### Exercise aim
A word-for-word copy of the entries is needed, and it should contain no images.

Collected data:
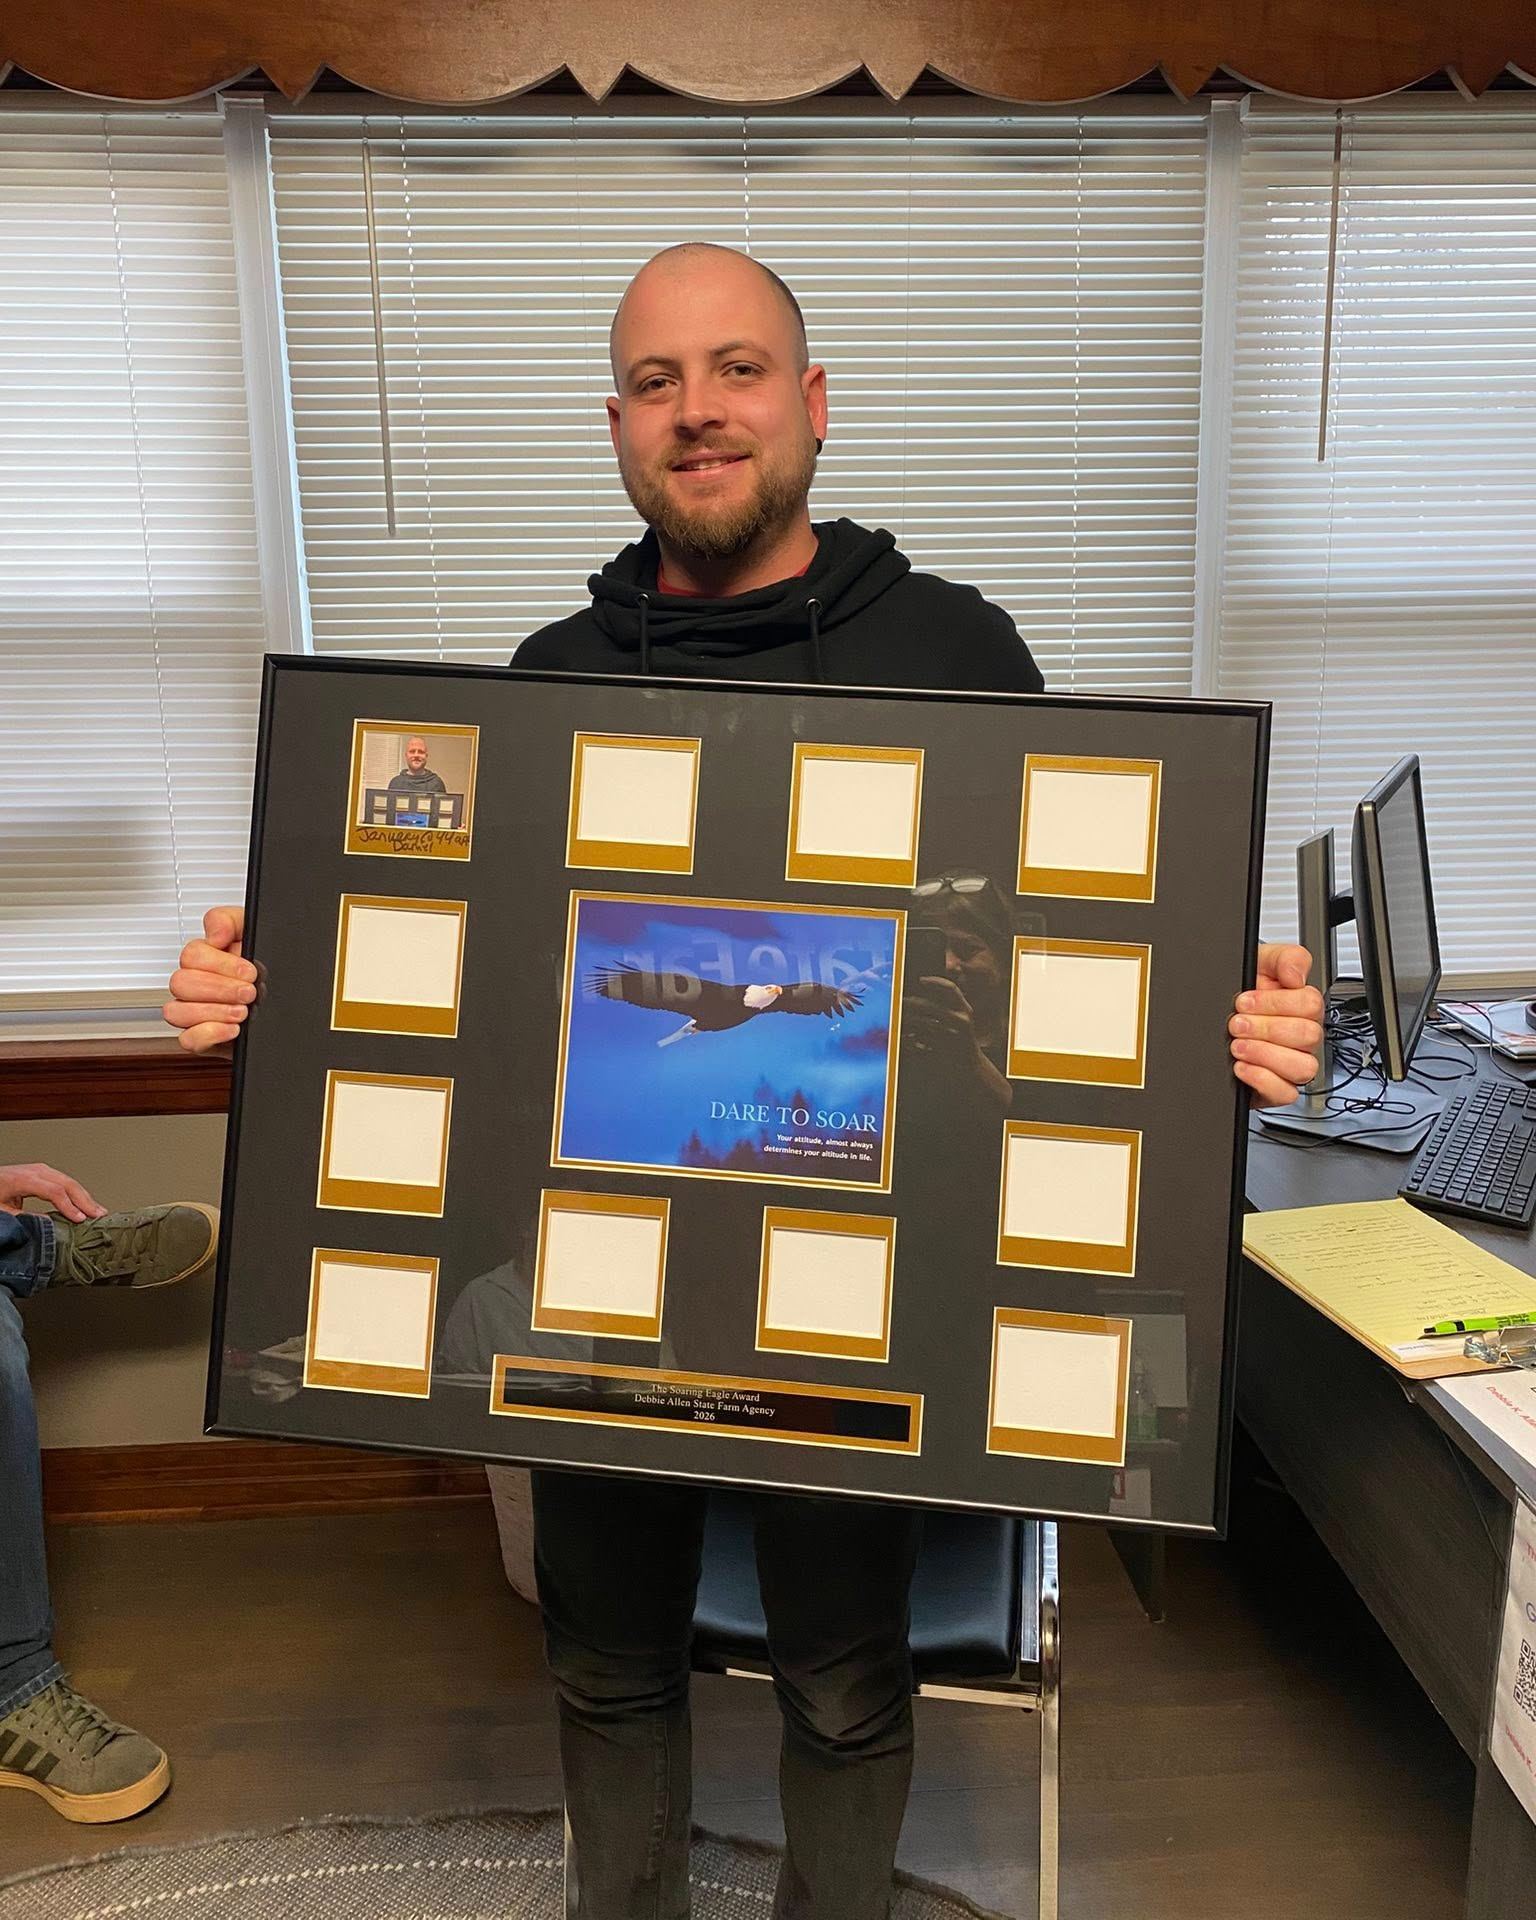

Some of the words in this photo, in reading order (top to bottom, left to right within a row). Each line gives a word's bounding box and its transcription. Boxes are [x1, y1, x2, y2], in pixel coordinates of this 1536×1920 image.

[711, 1101, 770, 1123] DARE
[776, 1107, 810, 1126] TO
[815, 1110, 878, 1133] SOAR
[777, 1134, 793, 1142] Your
[794, 1136, 824, 1145] attitude,
[825, 1138, 849, 1147] almost
[850, 1140, 874, 1149] always
[763, 1145, 802, 1155] determines
[803, 1149, 820, 1157] your
[821, 1151, 848, 1159] altitude
[858, 1153, 873, 1162] life.
[651, 1384, 668, 1394] The
[669, 1385, 703, 1398] Soaring
[705, 1389, 730, 1400] Eagle
[732, 1392, 760, 1402] Award
[634, 1393, 665, 1405] Debbie
[667, 1397, 691, 1407] Allen
[693, 1399, 715, 1410] State
[717, 1402, 740, 1412] Farm
[742, 1405, 776, 1417] Agency
[693, 1411, 716, 1421] 2026
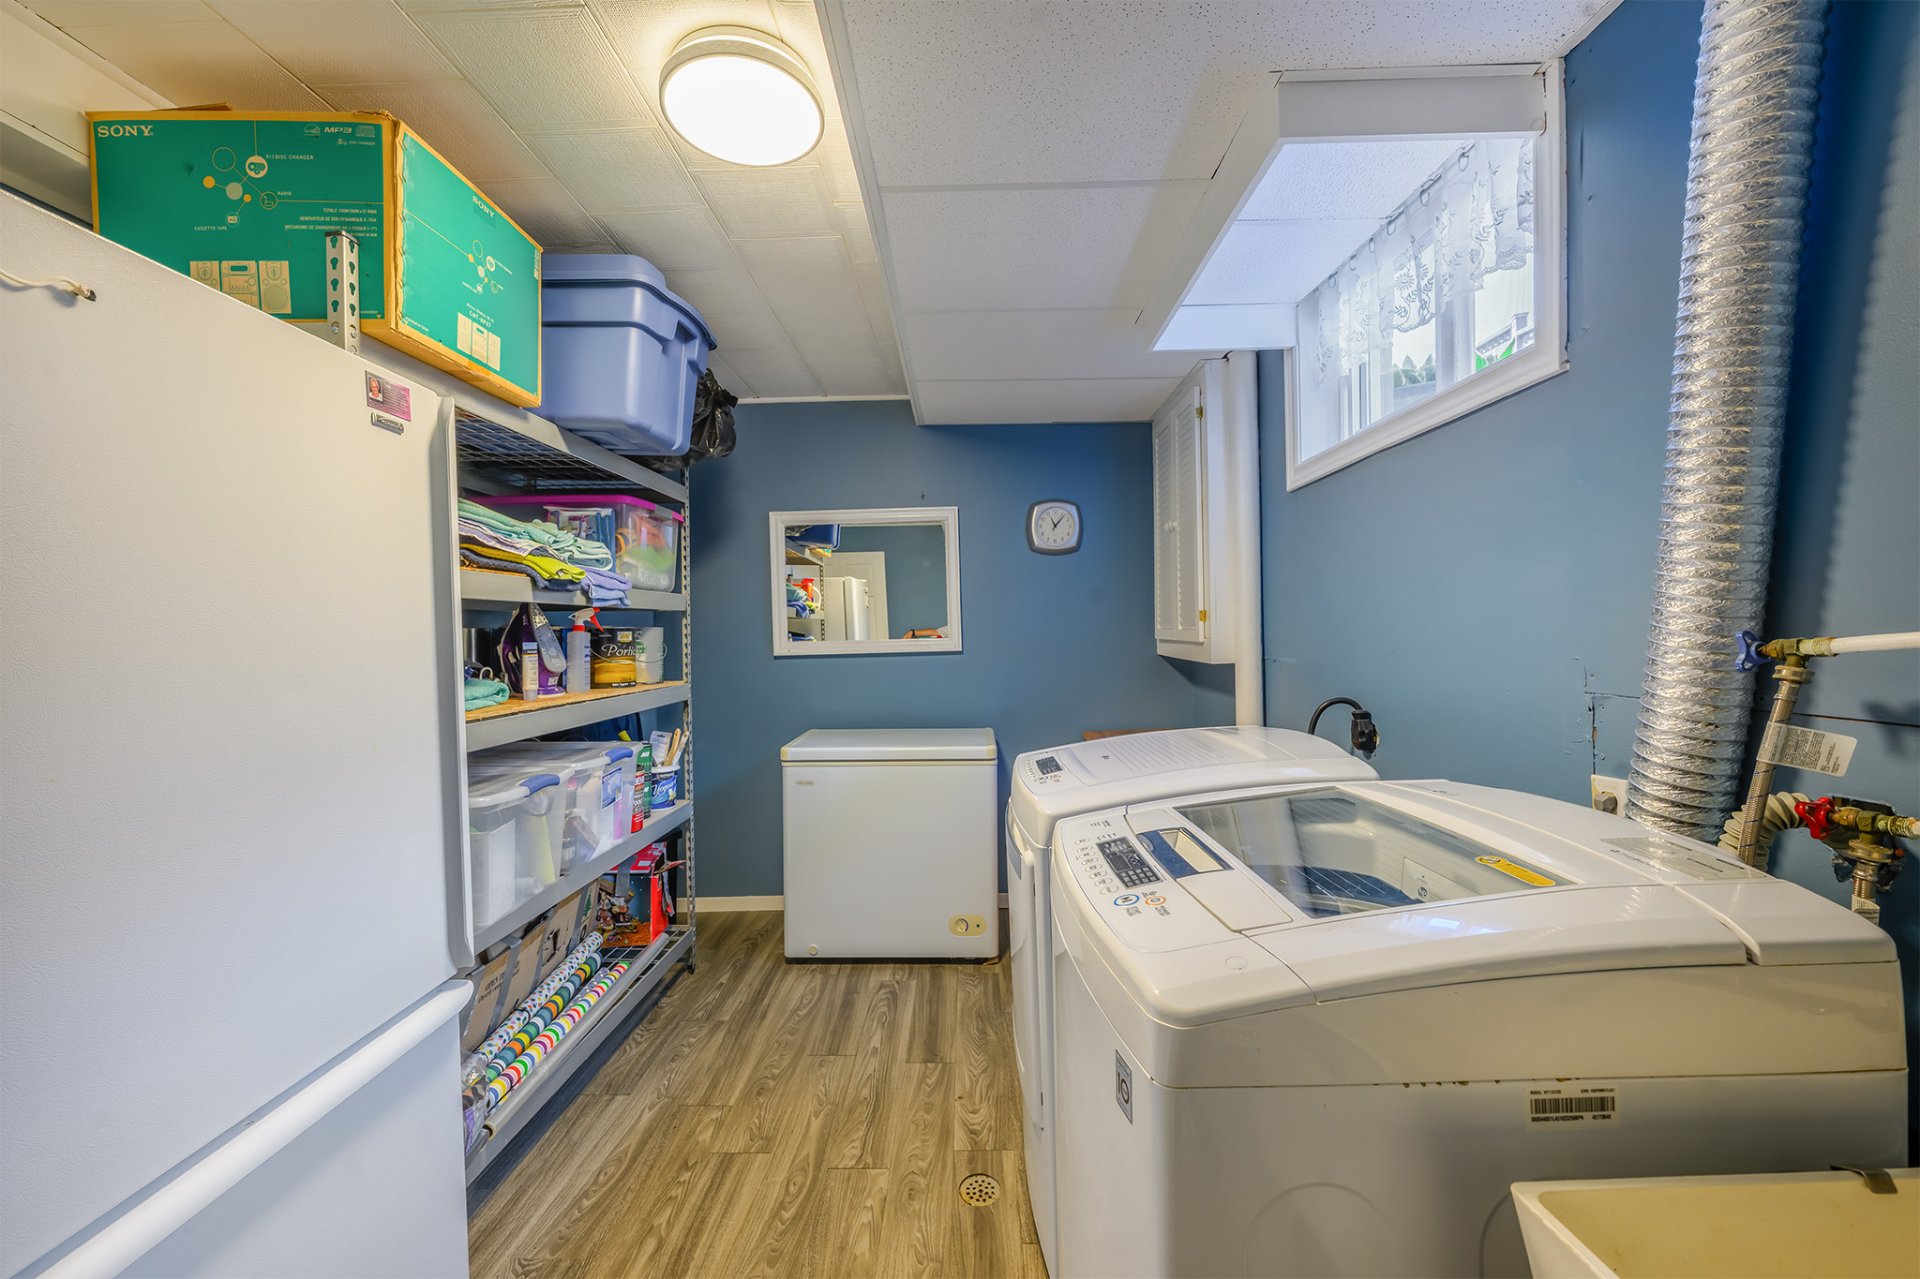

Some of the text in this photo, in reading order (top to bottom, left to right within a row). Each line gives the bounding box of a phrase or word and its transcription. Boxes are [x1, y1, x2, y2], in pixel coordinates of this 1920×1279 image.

[97, 124, 153, 138] SONY
[324, 126, 353, 134] MP3
[472, 195, 495, 218] SONY

### Solution for this exercise
Some of the words in this photo, in reading order (top to bottom, left to right within a row). Each line gives a word's bounding box and its transcription. Boxes are [x1, y1, x2, y2], in pixel coordinates of this 1536×1920 image.

[711, 1101, 770, 1123] DARE
[776, 1107, 810, 1126] TO
[815, 1110, 878, 1133] SOAR
[777, 1134, 793, 1142] Your
[794, 1136, 824, 1145] attitude,
[825, 1138, 849, 1147] almost
[850, 1140, 874, 1149] always
[763, 1145, 802, 1155] determines
[803, 1149, 820, 1157] your
[821, 1151, 848, 1159] altitude
[858, 1153, 873, 1162] life.
[651, 1384, 668, 1394] The
[669, 1385, 703, 1398] Soaring
[705, 1389, 730, 1400] Eagle
[732, 1392, 760, 1402] Award
[634, 1393, 665, 1405] Debbie
[667, 1397, 691, 1407] Allen
[693, 1399, 715, 1410] State
[717, 1402, 740, 1412] Farm
[742, 1405, 776, 1417] Agency
[693, 1411, 716, 1421] 2026

Some of the text in this photo, in reading order (top to bottom, left to right within a row). Each line gives the bounding box of a phrase or word and its transcription. Boxes are [x1, y1, x2, y2], in pixel coordinates of this 1920×1279 image.

[97, 124, 153, 138] SONY
[324, 126, 353, 134] MP3
[472, 195, 495, 218] SONY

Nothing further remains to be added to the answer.